[Extracted records]
>>

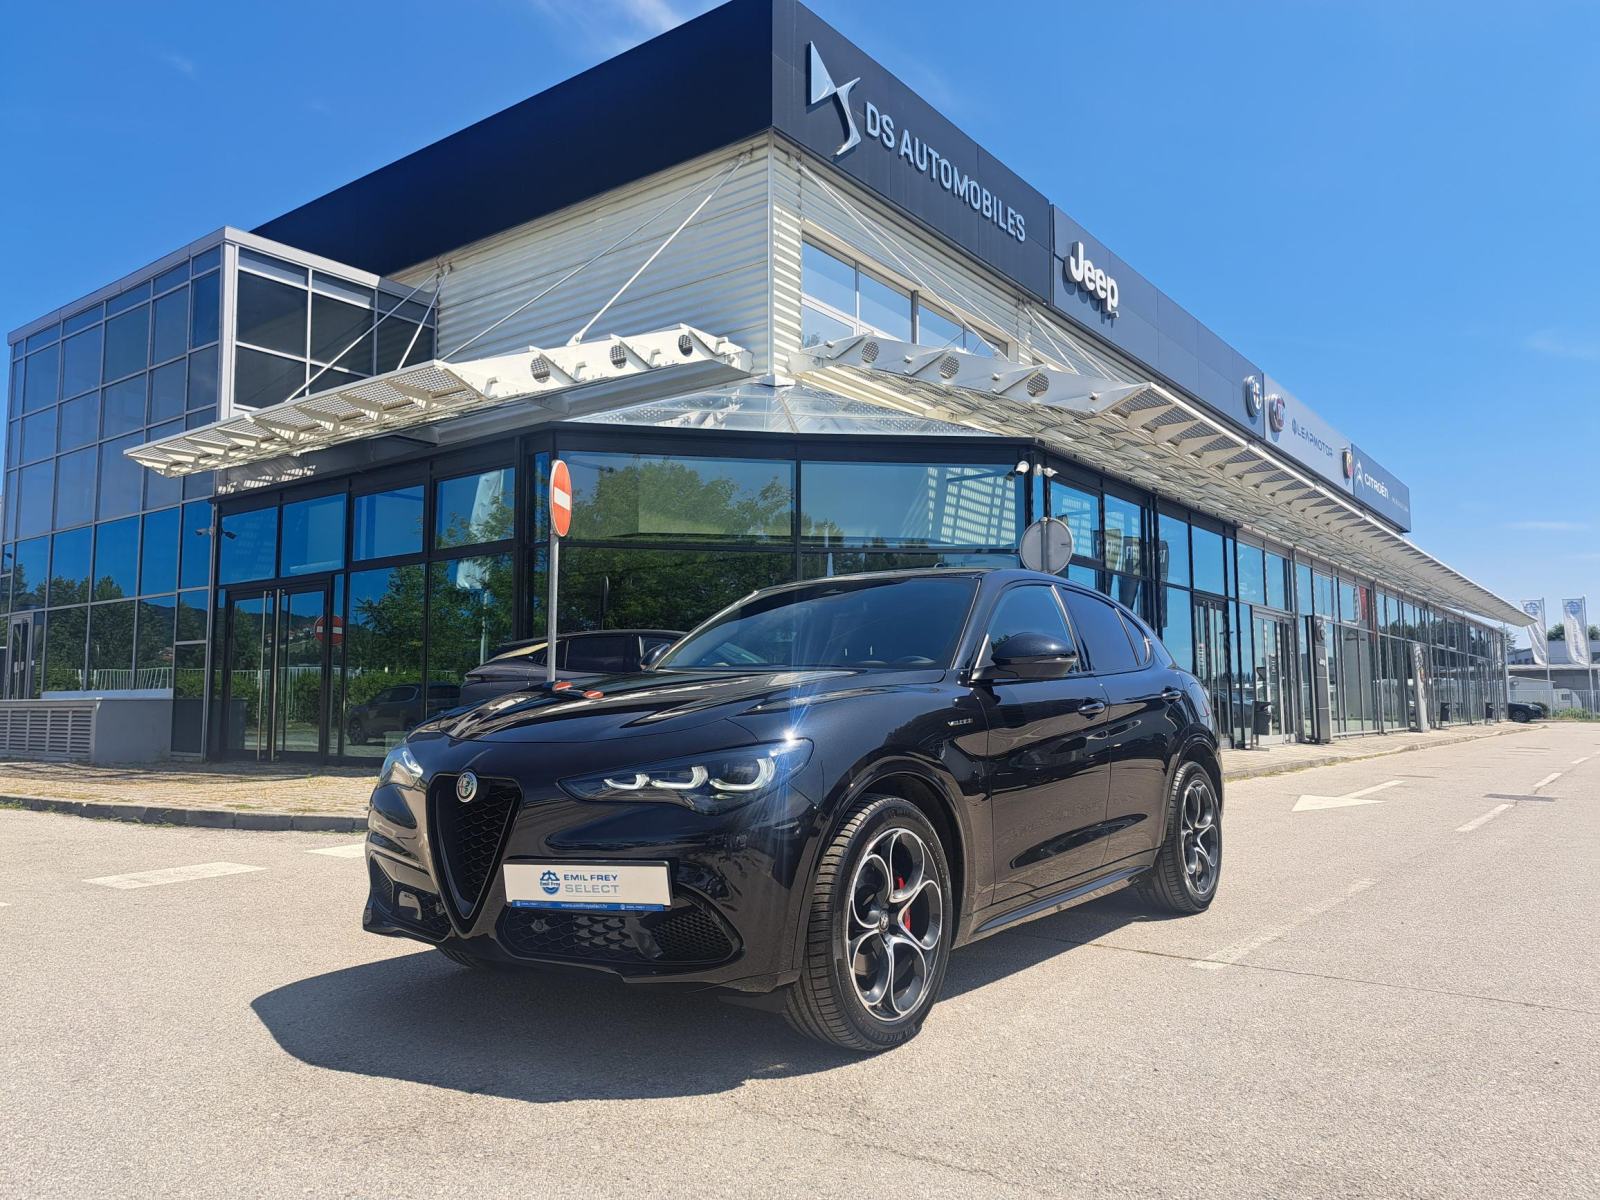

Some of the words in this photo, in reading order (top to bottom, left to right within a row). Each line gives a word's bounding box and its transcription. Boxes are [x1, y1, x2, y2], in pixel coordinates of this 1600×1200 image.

[865, 101, 895, 148] DS
[899, 129, 1026, 242] AUTOMOBILES
[1065, 241, 1119, 313] Jeep
[563, 874, 588, 882] EMIL
[590, 874, 618, 882] FREY
[564, 884, 620, 894] SELECT

<<

## What is needed
Please, without any pictures, retype the records exactly as they appear.

## Response area
Some of the words in this photo, in reading order (top to bottom, left to right within a row). Each line gives a word's bounding box and its transcription. Boxes are [x1, y1, x2, y2], in pixel coordinates of this 1600×1200 image.

[865, 101, 895, 148] DS
[899, 129, 1026, 242] AUTOMOBILES
[1065, 241, 1119, 313] Jeep
[563, 874, 588, 882] EMIL
[590, 874, 618, 882] FREY
[564, 884, 620, 894] SELECT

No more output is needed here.